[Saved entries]
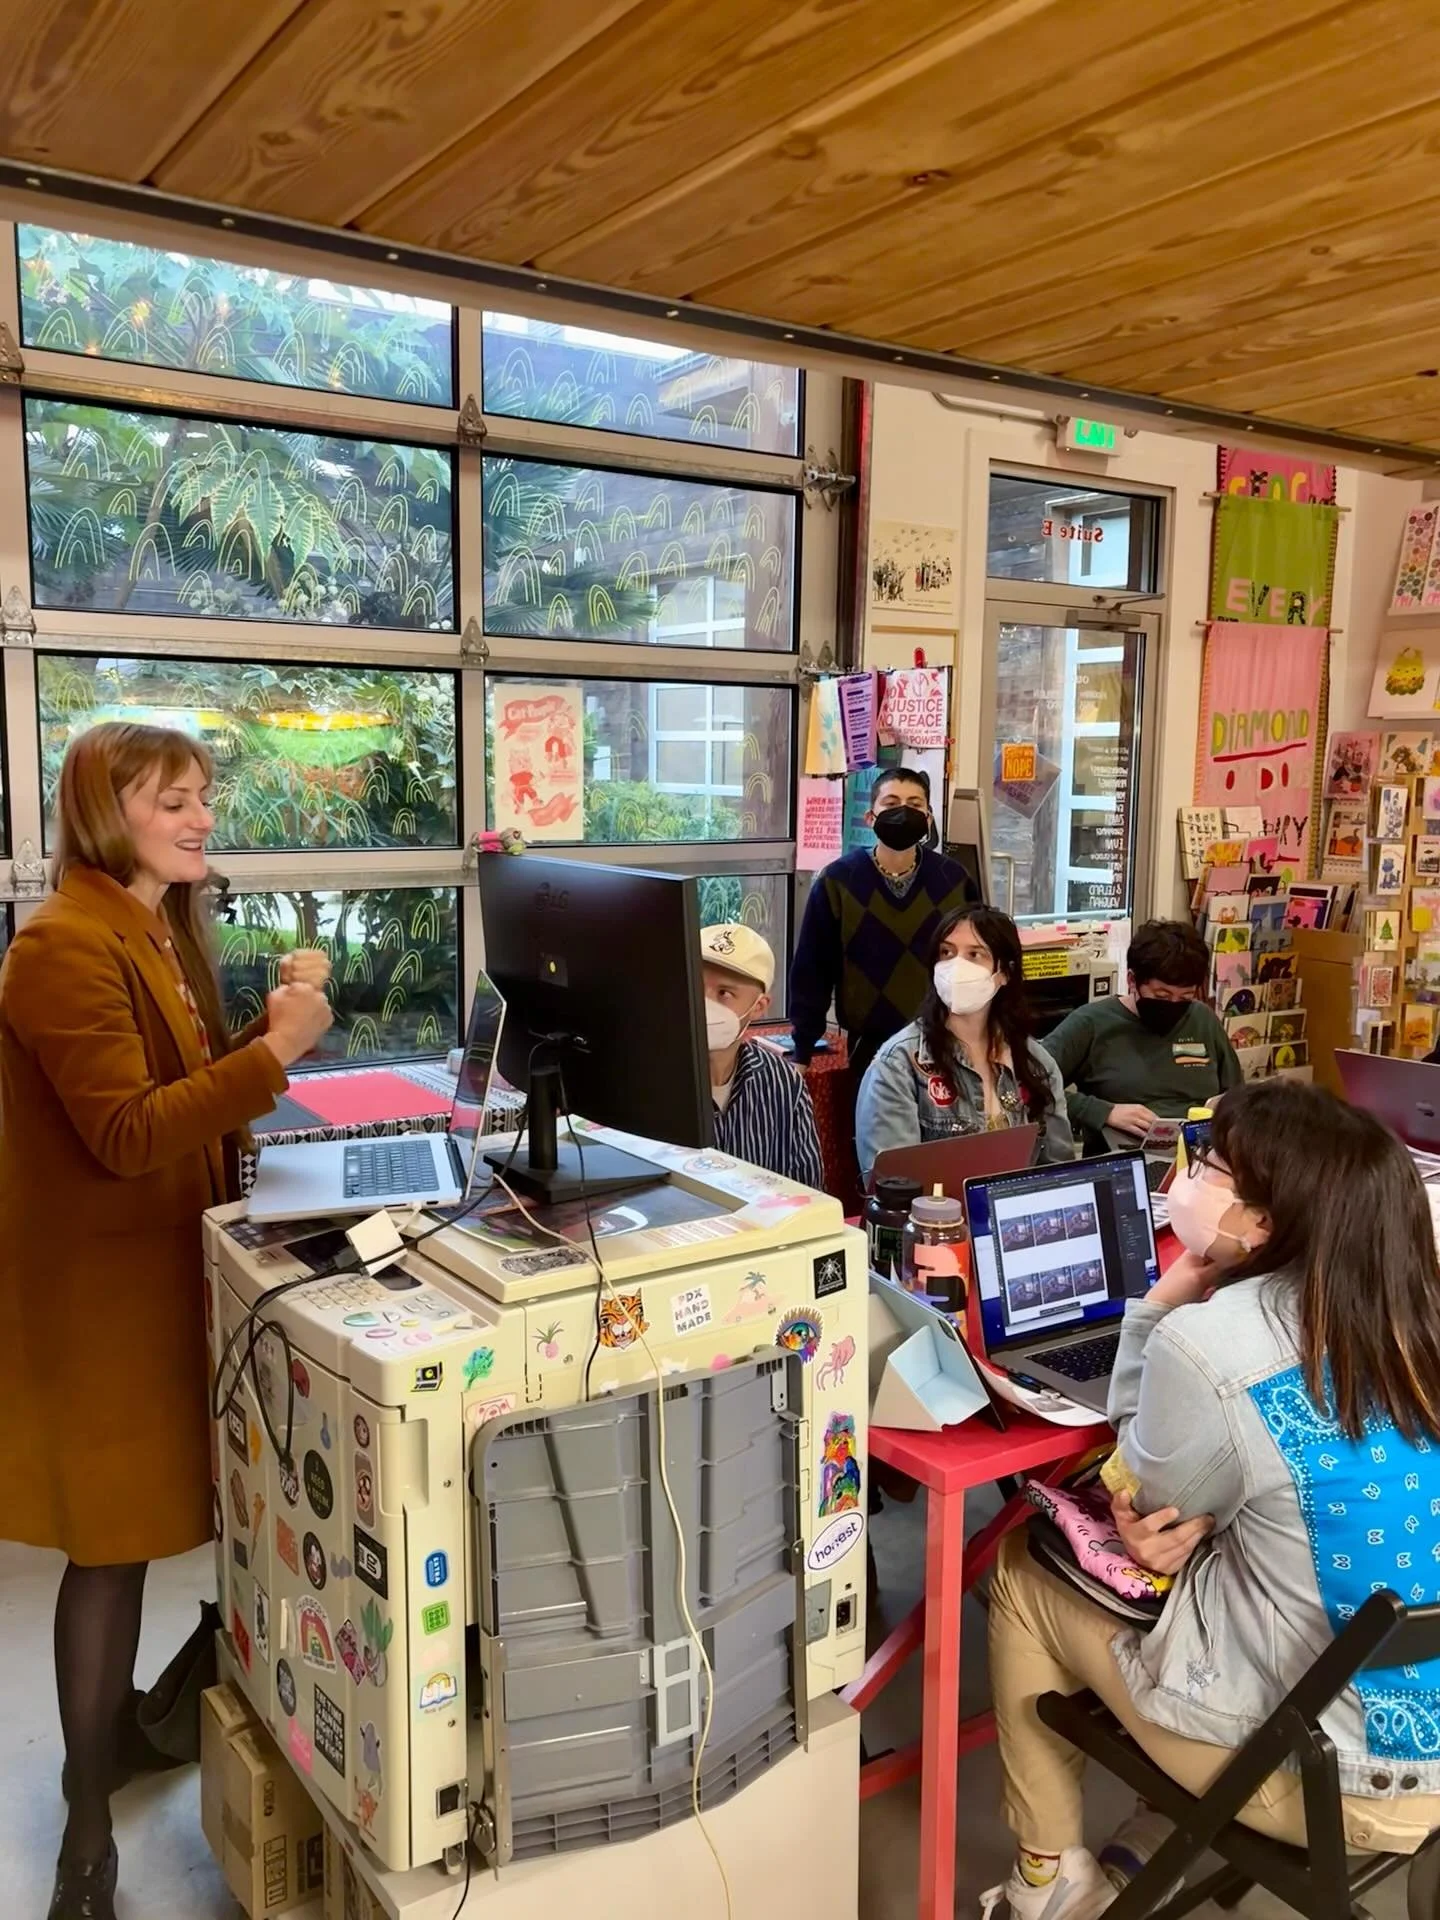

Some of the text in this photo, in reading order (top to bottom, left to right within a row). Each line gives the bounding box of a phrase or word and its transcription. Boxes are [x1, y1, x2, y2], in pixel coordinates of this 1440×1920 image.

[1226, 577, 1328, 627] EVERY
[899, 714, 942, 727] PEACE
[1006, 758, 1033, 777] NOPE
[678, 1288, 703, 1304] PDX
[675, 1300, 709, 1320] HAND
[677, 1312, 712, 1333] MADE
[815, 1522, 857, 1562] honest
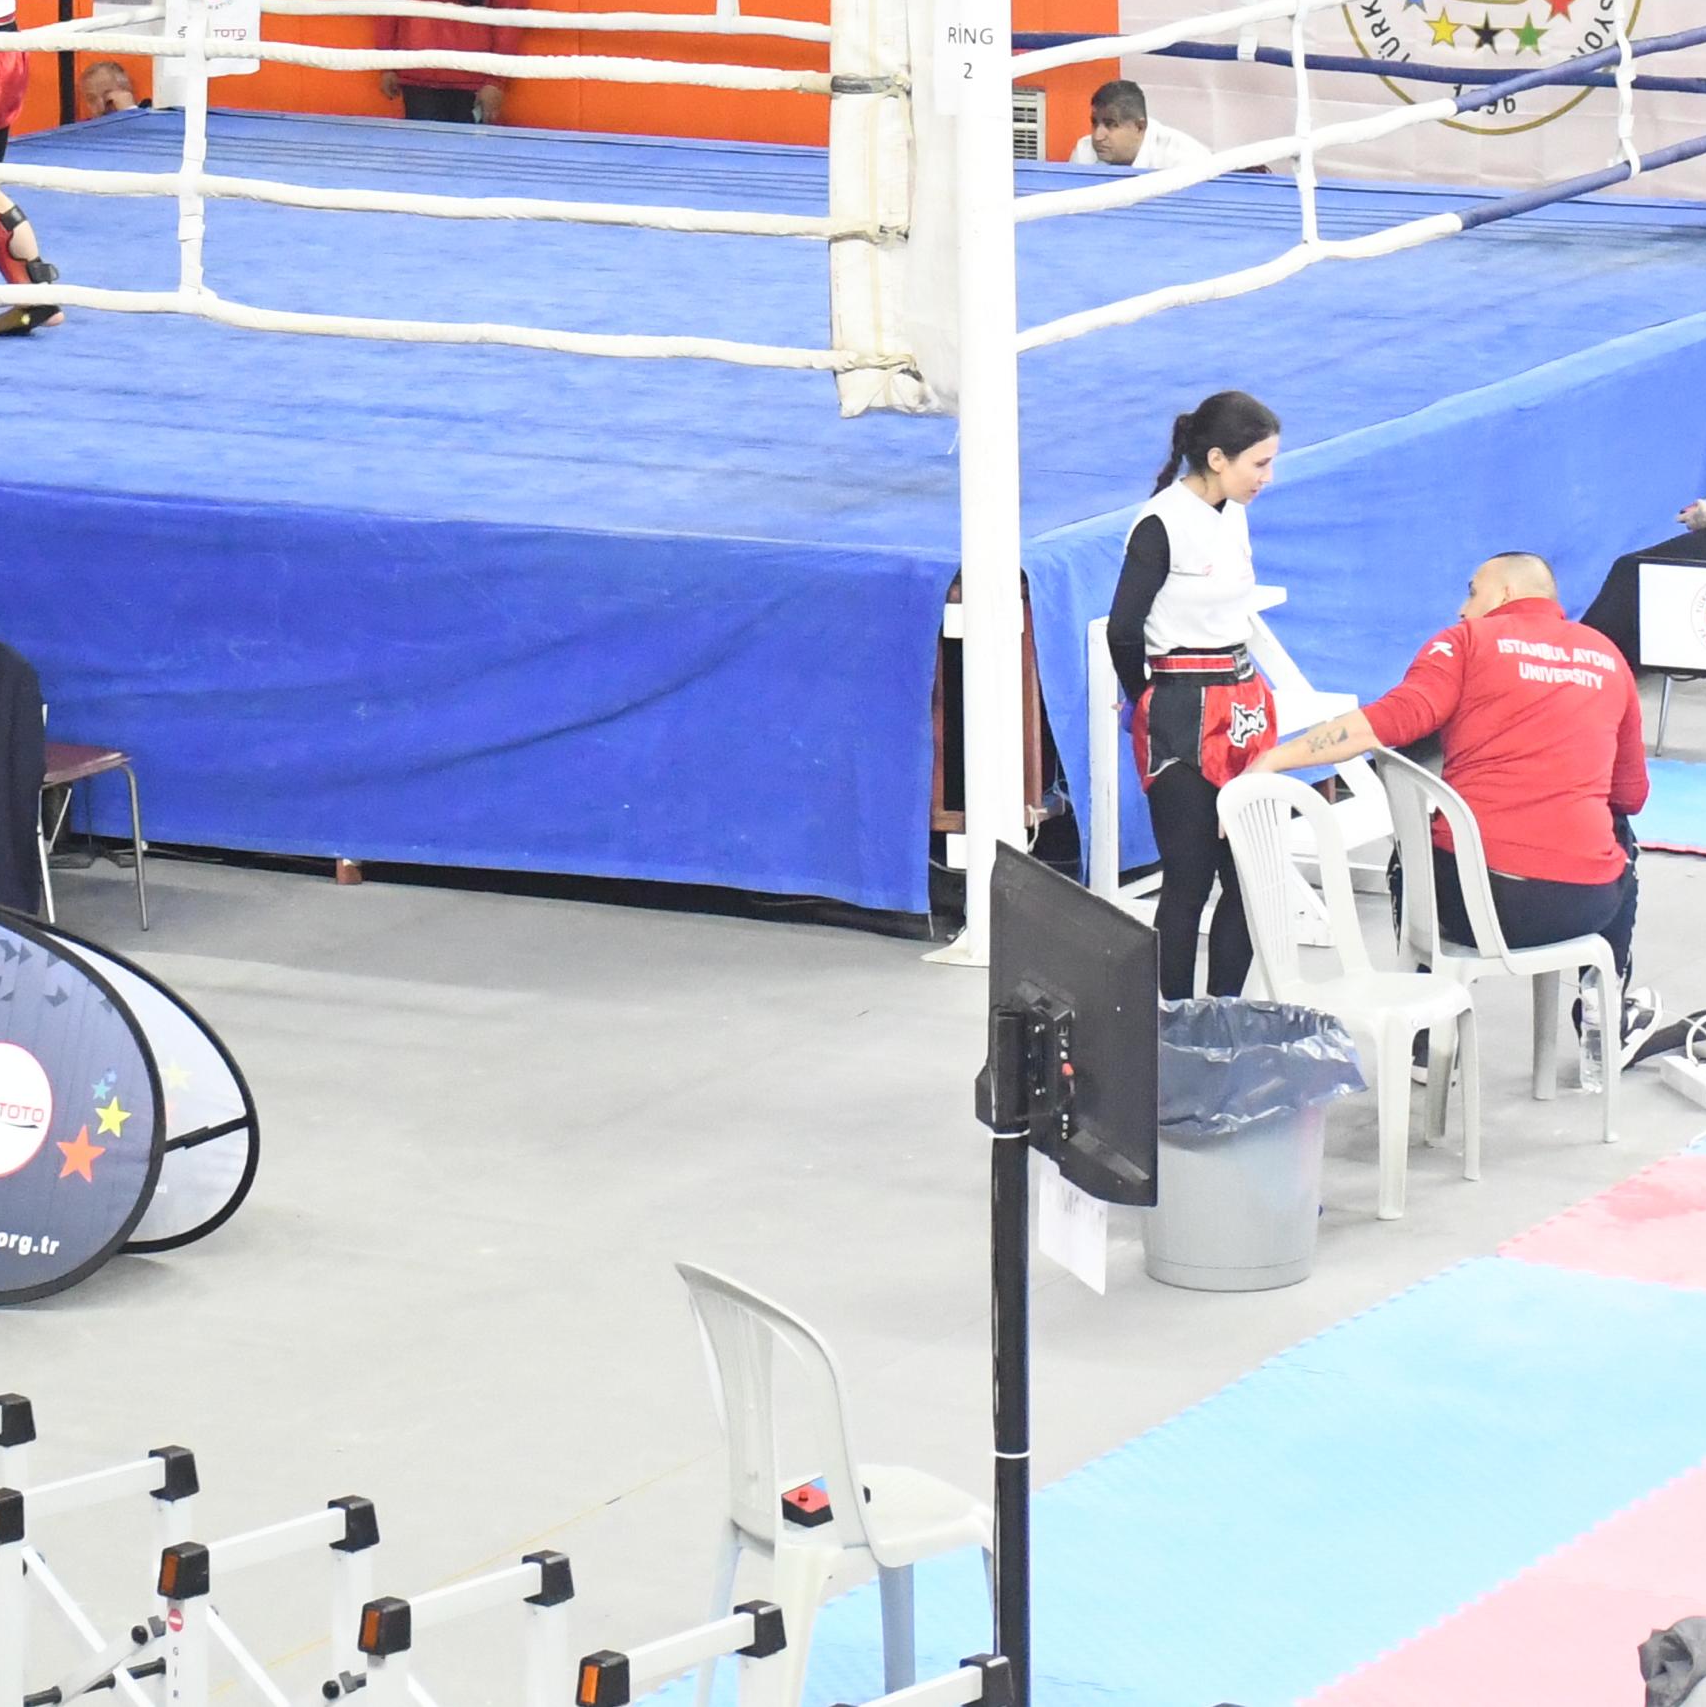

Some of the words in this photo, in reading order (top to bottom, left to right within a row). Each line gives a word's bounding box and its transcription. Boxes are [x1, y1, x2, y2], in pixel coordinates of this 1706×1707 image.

WHAT YOU HAVE TO DO:
Restate every line above exactly, omitting images.

TASK ANSWER:
Some of the text in this photo, in reading order (top to bottom, left to right within a row). Each line gives the bounding box of a phrase or word and its transcription. Boxes are [x1, y1, x2, y2], in pixel coordinates of this 1440×1920 image.

[1226, 577, 1328, 627] EVERY
[899, 714, 942, 727] PEACE
[1006, 758, 1033, 777] NOPE
[678, 1288, 703, 1304] PDX
[675, 1300, 709, 1320] HAND
[677, 1312, 712, 1333] MADE
[815, 1522, 857, 1562] honest

Some of the words in this photo, in reading order (top to bottom, left to right within a row). Each line gives a word's bounding box and its transcription. Boxes are [x1, y1, x2, y2], in pixel coordinates of this 1706×1707 image.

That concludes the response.